Movie Review: Pisaasu (Tamil)

Director Mysskin's Pisaasu, to put it in a nutshell, is an afterlife story. After all the movie's name itself literally means ghost. But it's also unique and wonderfully affecting. Perhaps one of its kind. The director's previous outings, Yuddham Sei and Onaayum Aattukkuttiyum, were dark, gritty and moody psychological thrillers, and Pisaasu, despite its horror and supernatural roots, is a terrific addition along similar lines. Mind you, this is not your usual haunted house film. There's a house, yes, and there's also a ghost haunting it. But in a refreshing cinematic spin, the movie isn't scary. It's rather... haunting in its exploration of loss, guilt, forgiveness and unrequited love.
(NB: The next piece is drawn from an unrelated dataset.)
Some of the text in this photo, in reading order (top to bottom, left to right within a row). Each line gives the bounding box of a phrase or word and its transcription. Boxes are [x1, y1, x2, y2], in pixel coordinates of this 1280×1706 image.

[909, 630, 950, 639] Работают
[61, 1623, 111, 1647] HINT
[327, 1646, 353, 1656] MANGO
Pisaasu essentially is all about Siddharth, the protagonist, trying to get rid of a ghost - Bhavani, a girl who dies en route to hospital after having met with an accident - from his home. Only it turns out that she is benevolent, an angel who's fallen in love with him for his good-naturedness, the very kind of girl Siddharth's mom (very neatly characterised) herself would have found for her son. She covers him with a blanket, doesn't want to see him drink, doesn't like his friends sleeping next to him and occupy her space on their marital bed, saves her mother-in-law's life and takes good care of the home as well as any wife would. She also wants her father (a class act by Radha Ravi) to visit them and let him know that she's living happy and well at her husband's house.
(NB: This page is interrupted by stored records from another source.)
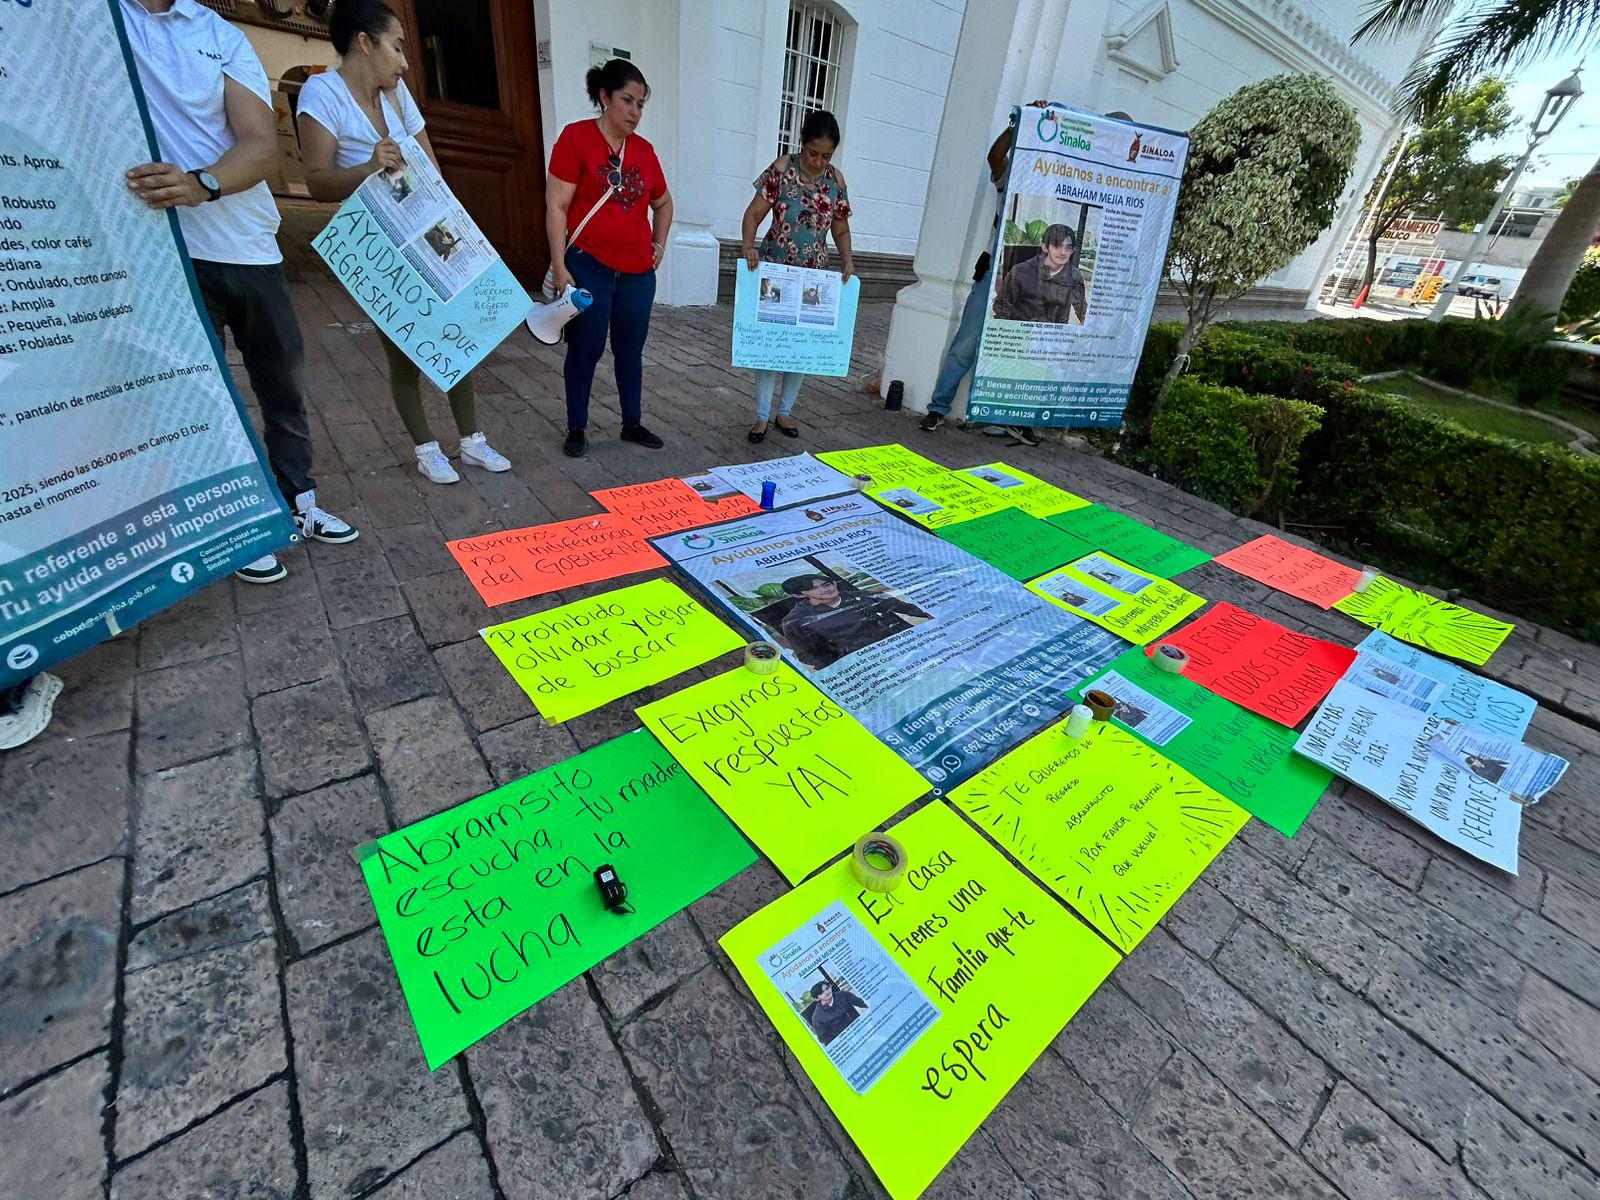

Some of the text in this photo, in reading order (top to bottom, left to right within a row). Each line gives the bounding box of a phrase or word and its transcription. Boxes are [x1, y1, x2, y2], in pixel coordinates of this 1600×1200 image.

[24, 154, 64, 170] Aprox.
[1059, 131, 1091, 151] Sinaloa
[1141, 145, 1175, 158] SINALOA
[1033, 157, 1169, 195] Ayúdanos a encontrar a
[1055, 184, 1145, 208] ABRAHAM MEJIA RIOS
[2, 196, 56, 209] Robusto
[31, 236, 92, 249] color cafés
[6, 270, 127, 291] Ondulado, corto canoso
[479, 279, 496, 287] LOS
[7, 303, 133, 332] Pequeña, labios delgados
[11, 297, 55, 312] Amplia
[318, 226, 400, 322] REGRESEN
[395, 321, 416, 343] A
[416, 341, 461, 384] CASA
[19, 333, 74, 351] Pobladas
[441, 323, 479, 357] QUE
[15, 401, 69, 424] pantalón
[70, 397, 84, 408] de
[85, 386, 123, 404] mezclilla
[124, 381, 135, 391] de
[135, 374, 156, 387] color
[158, 370, 176, 381] azul
[177, 362, 212, 376] marino,
[987, 381, 1012, 390] tienes
[1014, 383, 1058, 392] información
[1060, 385, 1087, 393] referente
[3, 422, 210, 502] 2025, siendo las 06:00 pm, en Campo El Diez
[33, 498, 45, 511] el
[46, 479, 100, 505] momento.
[821, 501, 859, 514] SINALOA
[24, 474, 258, 584] referente a esta persona,
[631, 507, 693, 526] MADRE
[644, 523, 672, 535] EN
[718, 529, 766, 544] Sinaloa
[37, 565, 103, 606] ayuda
[105, 553, 128, 571] es
[130, 531, 167, 560] muy
[171, 493, 265, 538] importante.
[457, 529, 556, 554] Queremos
[471, 553, 506, 568] no
[711, 516, 884, 566] Ayúdanos a encontrar a
[754, 546, 814, 567] ABRAHAM
[848, 528, 873, 540] RIOS
[481, 540, 651, 587] del GOBIERNO
[490, 602, 626, 648] Prohibido
[515, 627, 612, 670] olvidar
[643, 601, 700, 627] dejar
[1190, 608, 1262, 655] ESTAMOS
[537, 632, 678, 695] de buscar
[1211, 659, 1280, 701] TODOS
[1263, 632, 1319, 670] FALTA
[658, 675, 798, 744] Exigimos
[899, 731, 937, 758] llama
[936, 726, 945, 735] o
[1003, 682, 1015, 694] Tu
[1017, 668, 1042, 689] ayuda
[1042, 661, 1053, 673] es
[1052, 652, 1072, 668] muy
[902, 709, 941, 735] tienes
[941, 674, 998, 712] información
[1001, 655, 1040, 680] referente
[1041, 649, 1048, 657] a
[1259, 662, 1337, 721] ABRAHAM
[703, 699, 844, 787] respuestas
[980, 717, 1018, 744] 1841256
[573, 796, 616, 822] tu
[619, 760, 683, 804] madre
[1000, 737, 1095, 806] TE QUEREMOS DE
[1045, 778, 1081, 804] REGRESO
[376, 768, 594, 884] Abramsito
[1102, 816, 1131, 842] FAVOR
[416, 830, 632, 957] esta en la
[889, 879, 988, 958] tienes una
[433, 912, 584, 1015] lucha
[782, 954, 814, 981] Ayúdanos
[818, 926, 848, 952] encontrar
[782, 945, 803, 962] Sinaloa
[927, 907, 1036, 1005] Familia que te
[921, 1003, 1011, 1101] espera
But Siddharth, who had been the one to rush Bhavani to the hospital in the accident's aftermath, is at first beyond scared by the strange happenings. Yet he is unable to shake her off his mind, feeling guilty for not having taken enough pains to save her. Her father likewise is desolate and grief-stricken, unable to come to terms with his only daughter's death. The closure they both desperately seek seems elusive, but Siddharth, who until then was afraid to commit himself to the institution of marriage, willingly sets out to avenge his wife's murderer. A tangential sub-plot about a couple's domestic affairs unfolds as a diversion from the main drama at the start, but develops a likeness that's unlikely to escape notice by the end of it all. Soaked in pathos and a hypnotic violin'esque background score by Arrol Corelli, Pisaasu is poignant and undoubtedly one of the best Tamil films I've seen in a long time.